Die meisten Arbeitsexperten sind sich einig: Einmal im Jahr sollten Arbeitnehmer zwei Wochen Urlaub am Stück nehmen, um sich richtig zu erholen. Die restlichen Urlaubstage kann man über das Jahr verteilen und etwa das ein oder andere lange Wochenende nehmen, insbesondere wenn ohnehin Brückentage anfallen.
Der Grund hierfür: Nach zwei Wochen steigt unsere Erholungskurve nicht mehr an. Ein längerer Urlaub würde also keinen positiven Effekt mit sich bringen.

Weg aus der Alltagsumgebung für Erholungseffekt wichtig

Wichtig außerdem: Fahren oder fliegen Sie weg! Zuhause lässt sich nur schwer richtig abschalten – schließlich muss ja auch der Haushalt gemacht werden, um den Garten muss man sich kümmern und vielleicht könnte man in der freien Zeit ja mal dem Wohnzimmer einen neuen Anstrich verpassen. Sicher sinnvolle Ideen, aber zu Ihrer Erholung tragen sie nicht bei.
Wir möchten Sie auch nicht auffordern, mehrmals im Jahr Ihren ökologischen Fußabdruck zu vergrößern und Fernreisen zu machen. Aber einmal im Jahr sollten Sie sich eine Reise gönnen, um nicht nur den Alltag hinter sich zu lassen, sondern auch um ganz neue Eindrücke und Erfahrungen zu sammeln.

Kann Urlaub einfach gestrichen werden?

Sie haben Urlaub geplant und urplötzlich sagt Ihr Chef, dass Sie keines Falls jetzt wegkönnen, weil sonst die Hütte brennt. Darf er das? Es kommt darauf an. Der Gesetzgeber ist sehr darauf bedacht, dass einem Arbeitnehmer nicht einfach nach Belieben der Urlaub gestrichen werden kann. Damit Ihr Chef Ihren (bereits genehmigten) Antrag zurückziehen kann, muss eine für das Unternehmen existenzbedrohende Situation gegeben sein, aus der es ohne Sie nicht wieder herauskommt. Und auch dann ist es nicht so einfach. Gestrichen werden können die Tage nicht, Ihr Urlaubsanspruch bleibt erhalten. Und sofern keine absolute Notfallsituation besteht, kann Ihr Arbeitgeber den Urlaub nur mit Ihrem Einverständnis absagen.
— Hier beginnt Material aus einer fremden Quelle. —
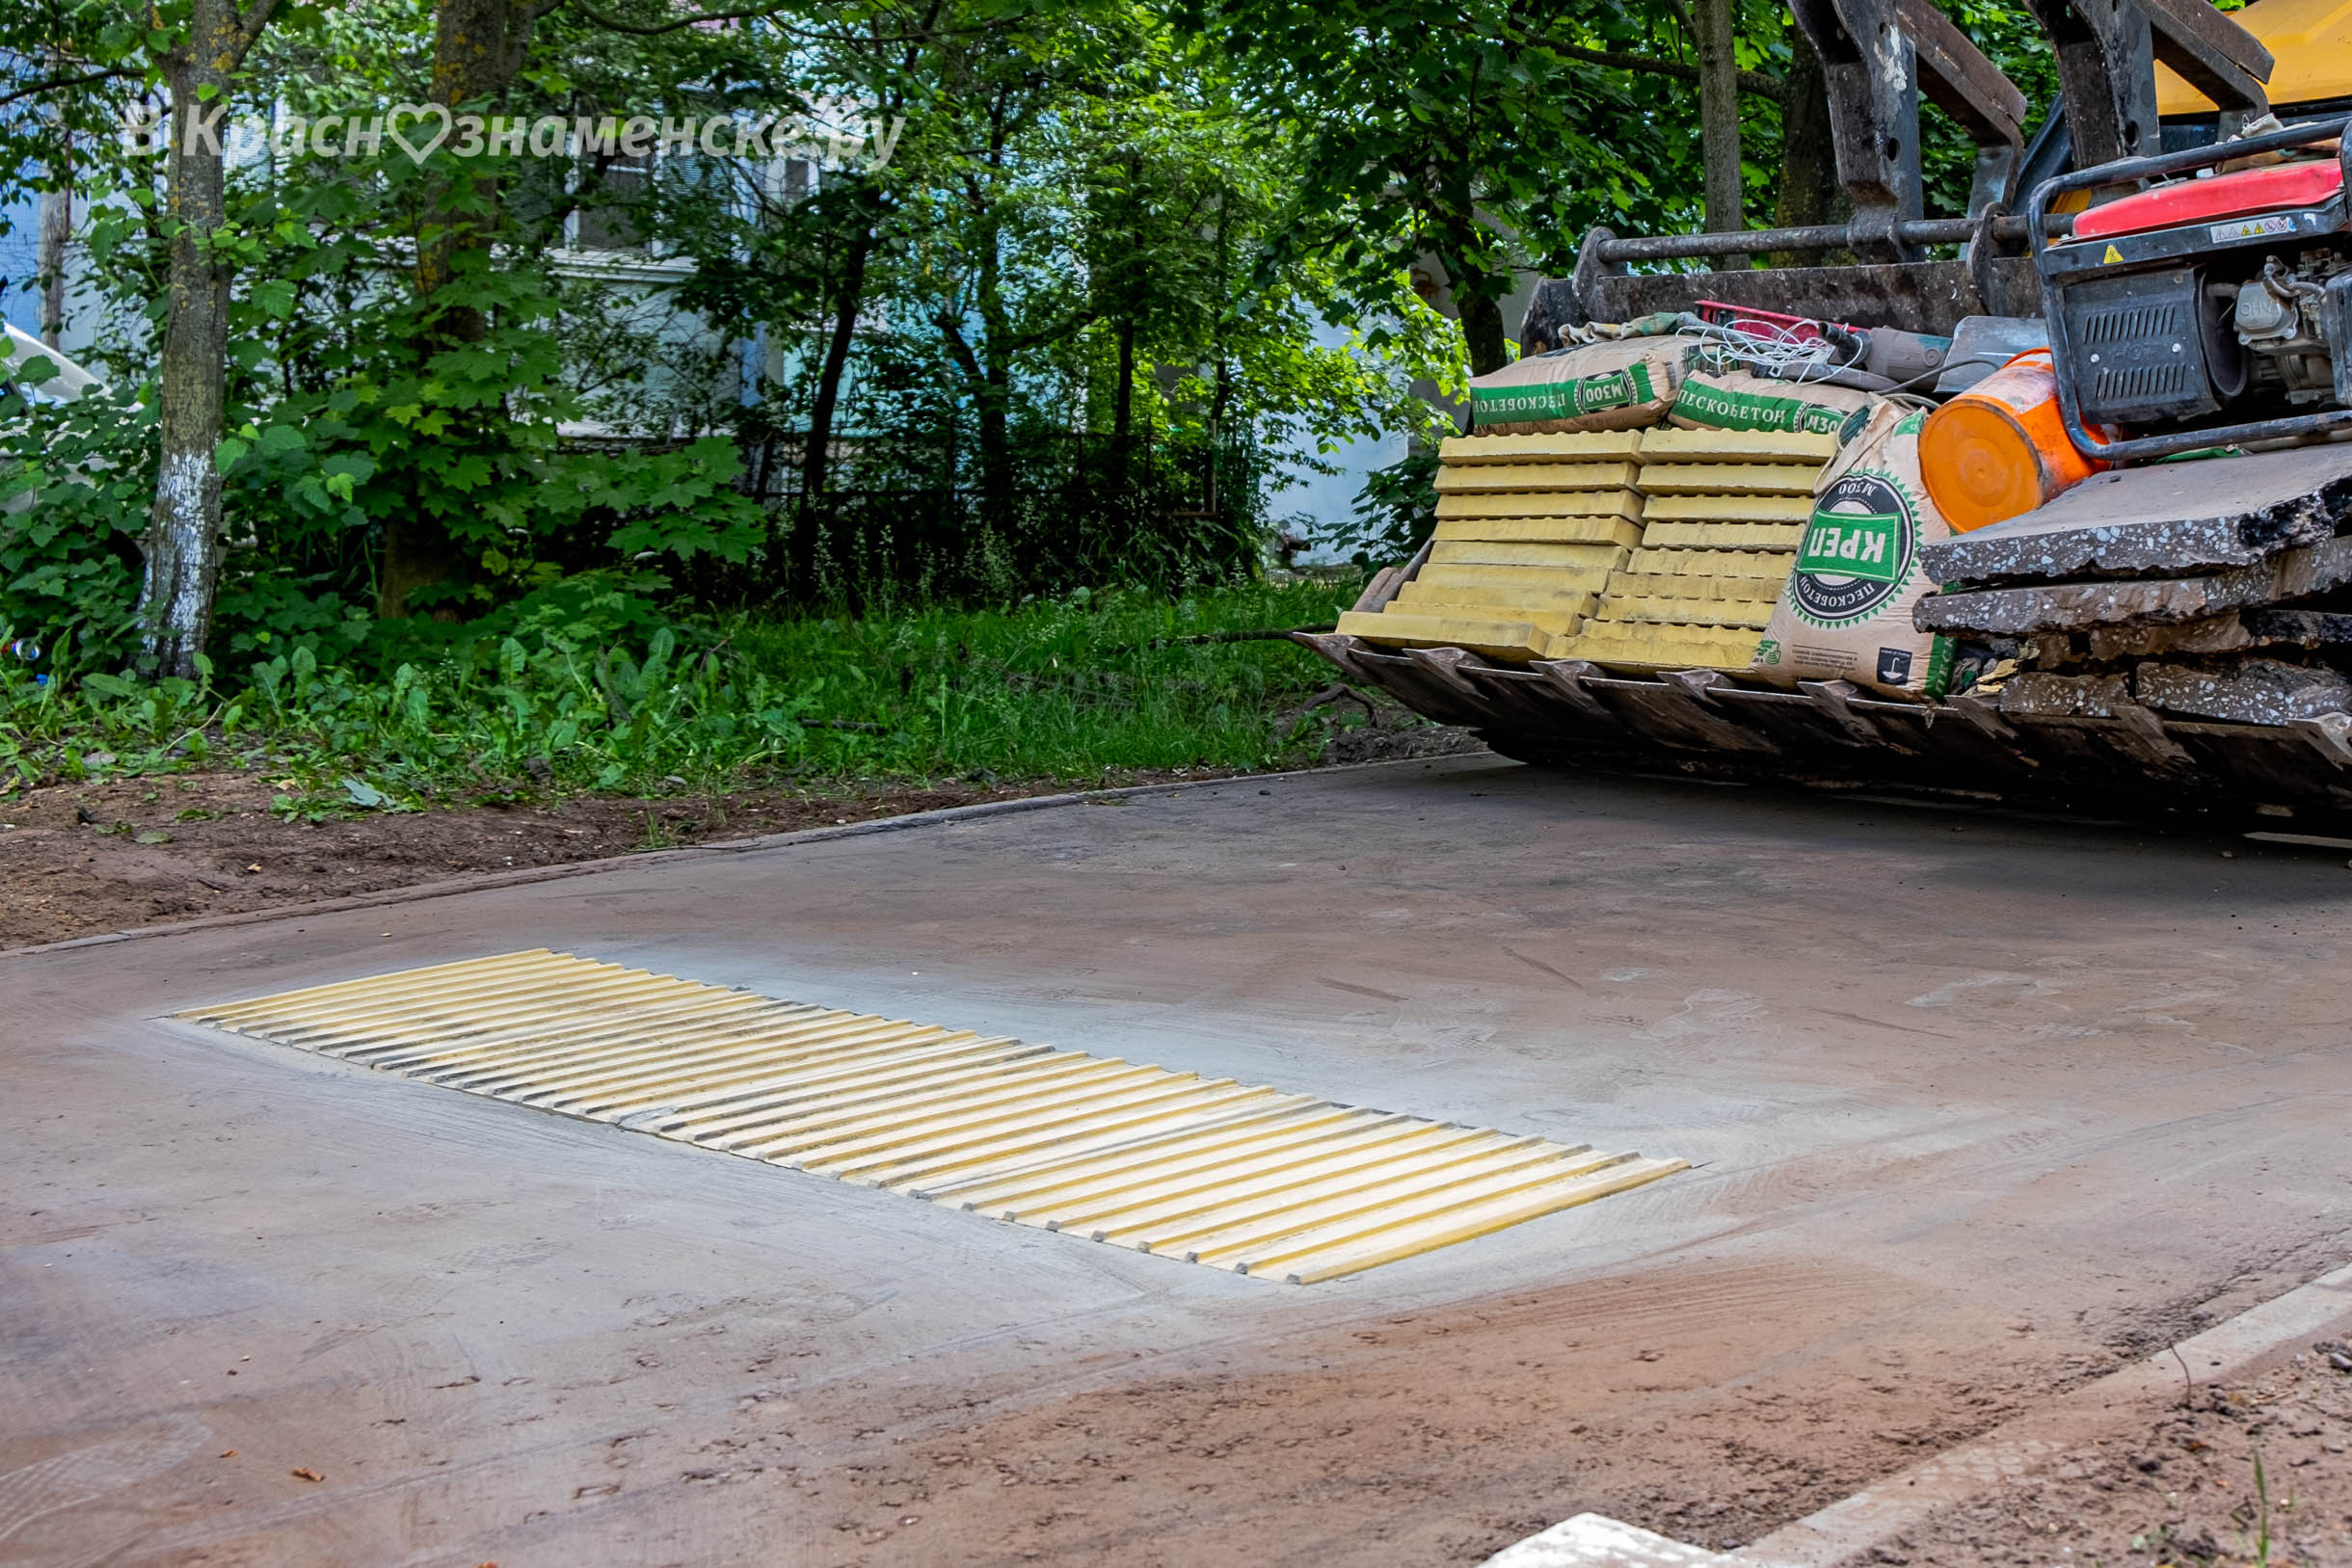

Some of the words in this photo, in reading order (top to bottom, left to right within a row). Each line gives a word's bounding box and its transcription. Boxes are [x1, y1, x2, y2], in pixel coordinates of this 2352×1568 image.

[1676, 389, 1786, 423] ПЕСКОБЕТОН
[1806, 414, 1838, 433] М30
[1808, 528, 1886, 563] КРЕП
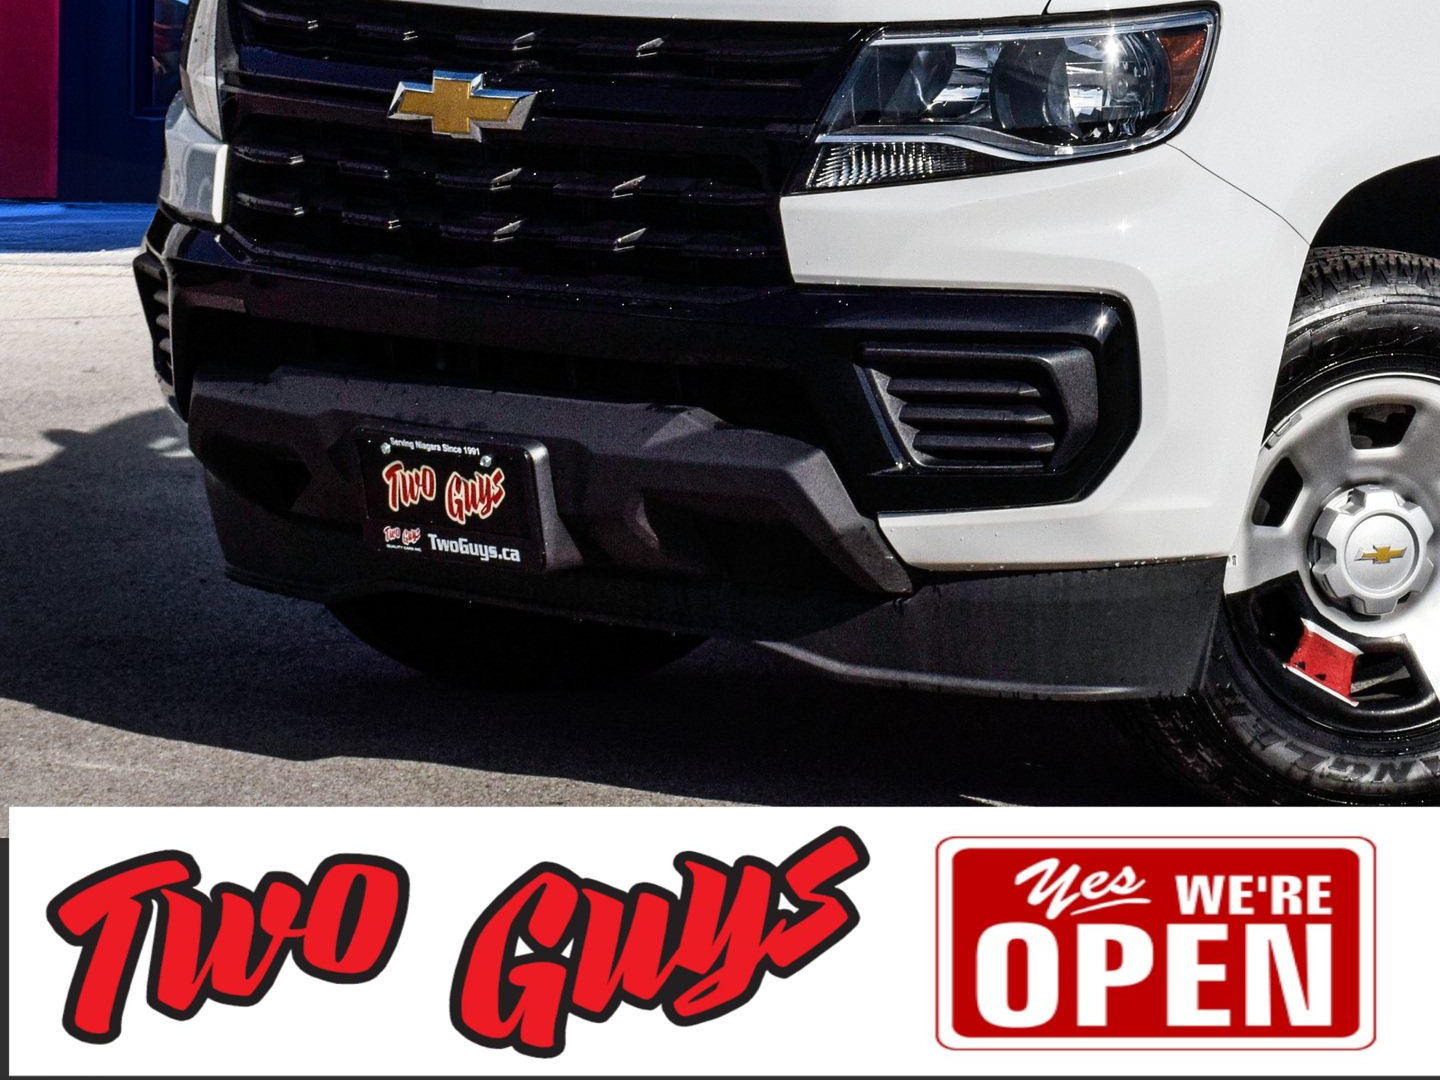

Was, wenn der Chef anruft?

Können Sie ignorieren. Ihr Chef hat kein Recht darauf, dass Sie im Urlaub erreichbar sind und womöglich auch noch arbeiten. Idealerweise schalten Sie Ihr Handy ab – sofern Sie ein Diensthandy haben, lassen Sie es zuhause. Dasselbe gilt für E-Mails. Rufen Sie Ihr berufliches Mailkonto am besten gar nicht ab.
Sollten Sie im Vorfeld jedoch etwas anderes vereinbart haben, und sei es nur, weil Sie sich nicht getraut haben „nein“ zu sagen – dann können Sie Anrufe oder Mails nicht ignorieren. Überlegen Sie sich also gut, bevor Sie Ihre Bereitschaft erklären, ruhig auch im Urlaub mal was erledigen zu können.

Und wenn ich krank werde?

Es ist nicht selten, dass Arbeitnehmer ihren Urlaub nicht unterbrechen, wenn sie zu der Zeit krank werden. Das sollten Sie aber! Lassen Sie sich krankschreiben. Von Erholung kann im Krankheitsfalle schließlich nicht zu reden sein. Wenn Sie zum Arzt gehen, bleibt Ihr Urlaubsanspruch aber erhalten und Sie können ihn ein anderes Mal nachholen.

Fahren Sie in den anstehenden Sommerferien weg? Dann wünschen wir Ihnen eine tolle Zeit – und beste Erholung! Wir freuen uns darauf, wenn Sie auch nach den Ferien wieder bei uns vorbei schauen.